##### Data

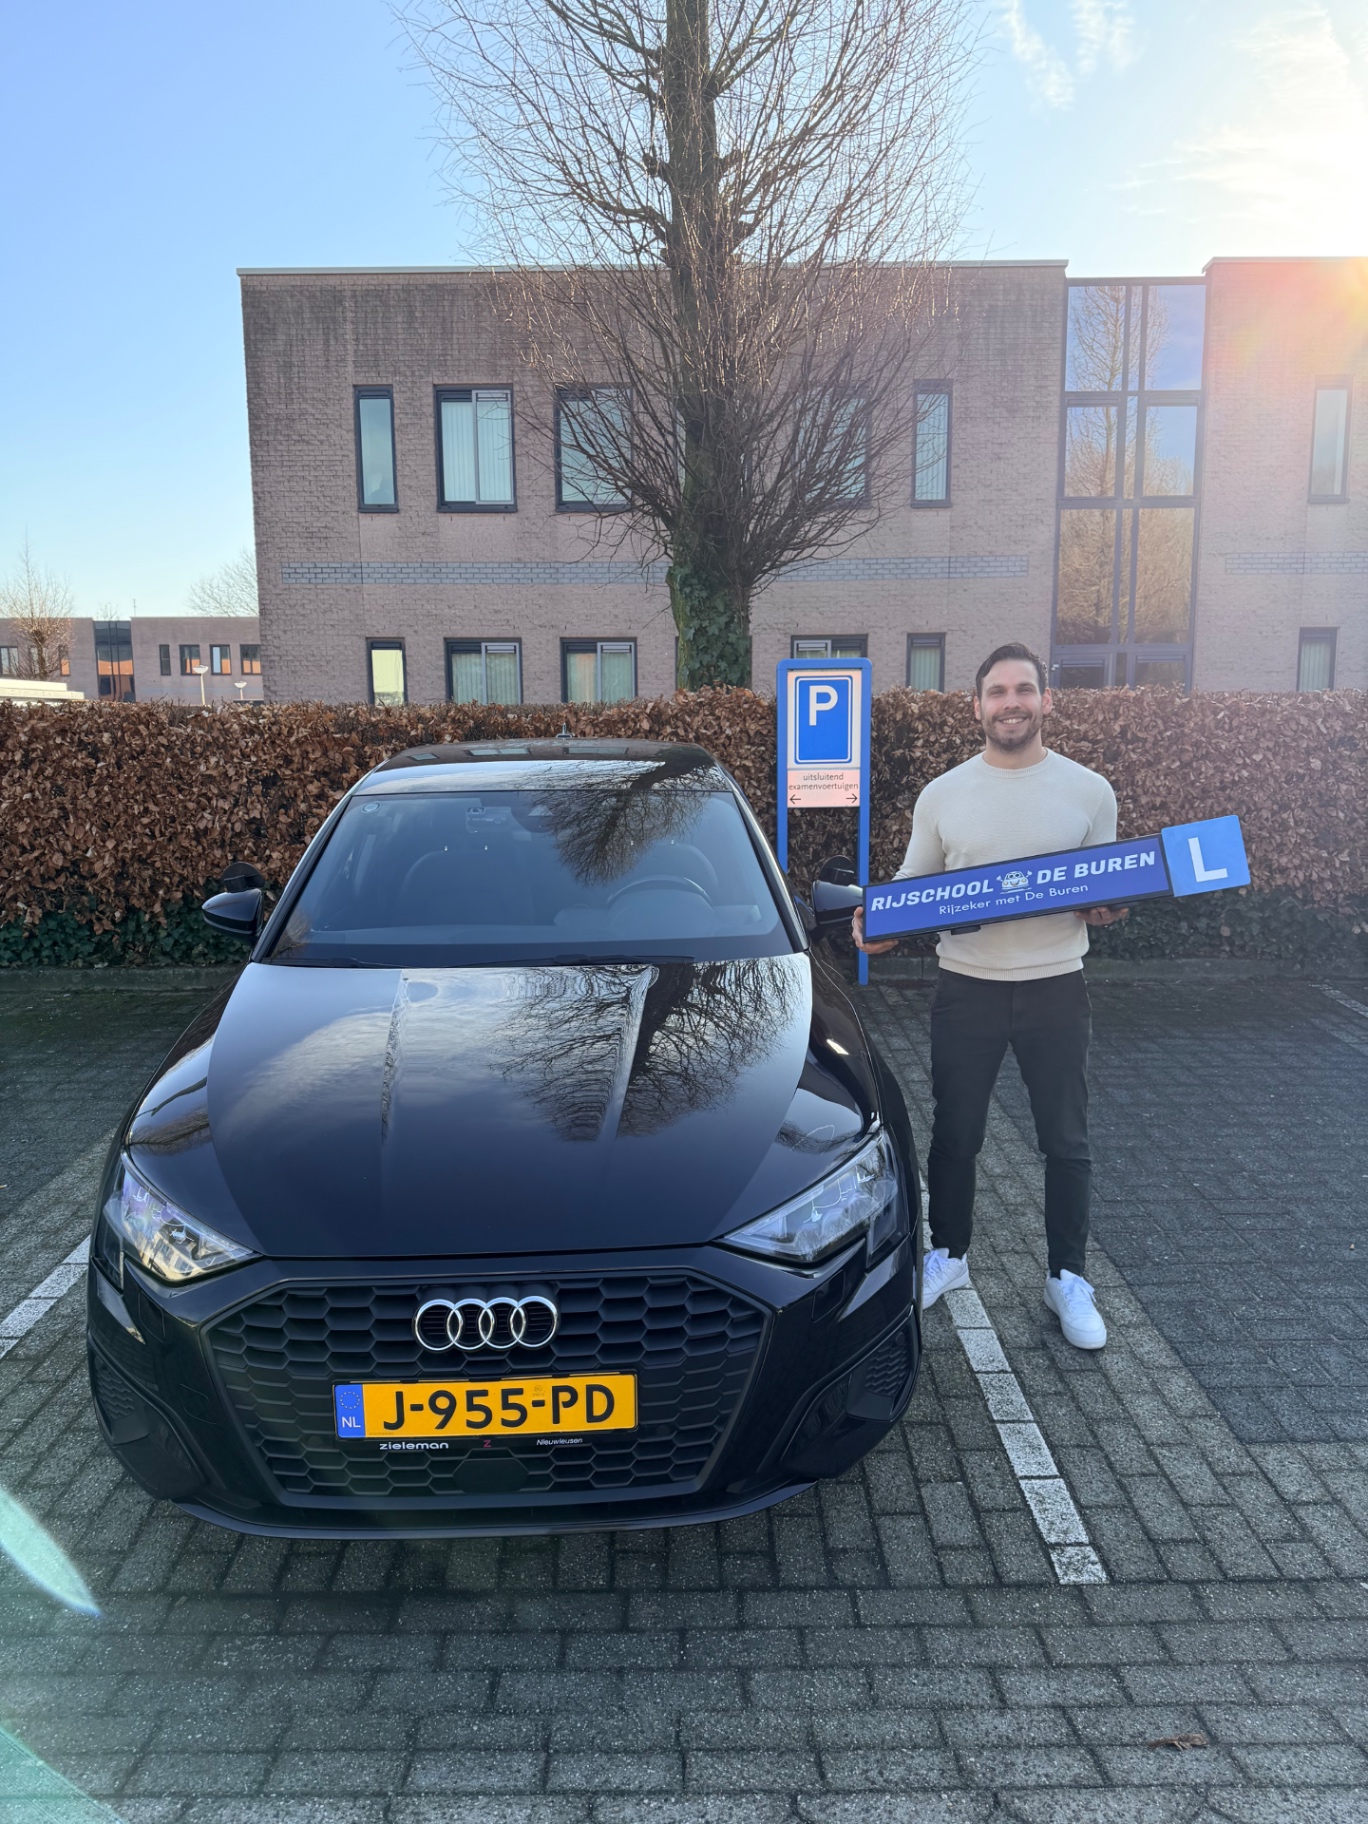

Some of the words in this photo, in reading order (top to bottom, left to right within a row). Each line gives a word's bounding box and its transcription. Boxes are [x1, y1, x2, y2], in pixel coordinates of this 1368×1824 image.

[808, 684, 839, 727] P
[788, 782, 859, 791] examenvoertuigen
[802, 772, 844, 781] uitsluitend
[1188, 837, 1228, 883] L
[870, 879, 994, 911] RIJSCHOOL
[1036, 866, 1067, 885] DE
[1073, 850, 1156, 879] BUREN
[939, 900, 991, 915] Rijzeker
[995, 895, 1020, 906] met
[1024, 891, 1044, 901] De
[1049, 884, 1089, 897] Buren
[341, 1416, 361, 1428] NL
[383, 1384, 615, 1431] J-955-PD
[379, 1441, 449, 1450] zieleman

##########

§ Task description:
Each line above should be written out again exactly, and no picture should appear in the copy.

§ Exercise result:
Some of the words in this photo, in reading order (top to bottom, left to right within a row). Each line gives a word's bounding box and its transcription. Boxes are [x1, y1, x2, y2], in pixel coordinates of this 1368×1824 image.

[808, 684, 839, 727] P
[788, 782, 859, 791] examenvoertuigen
[802, 772, 844, 781] uitsluitend
[1188, 837, 1228, 883] L
[870, 879, 994, 911] RIJSCHOOL
[1036, 866, 1067, 885] DE
[1073, 850, 1156, 879] BUREN
[939, 900, 991, 915] Rijzeker
[995, 895, 1020, 906] met
[1024, 891, 1044, 901] De
[1049, 884, 1089, 897] Buren
[341, 1416, 361, 1428] NL
[383, 1384, 615, 1431] J-955-PD
[379, 1441, 449, 1450] zieleman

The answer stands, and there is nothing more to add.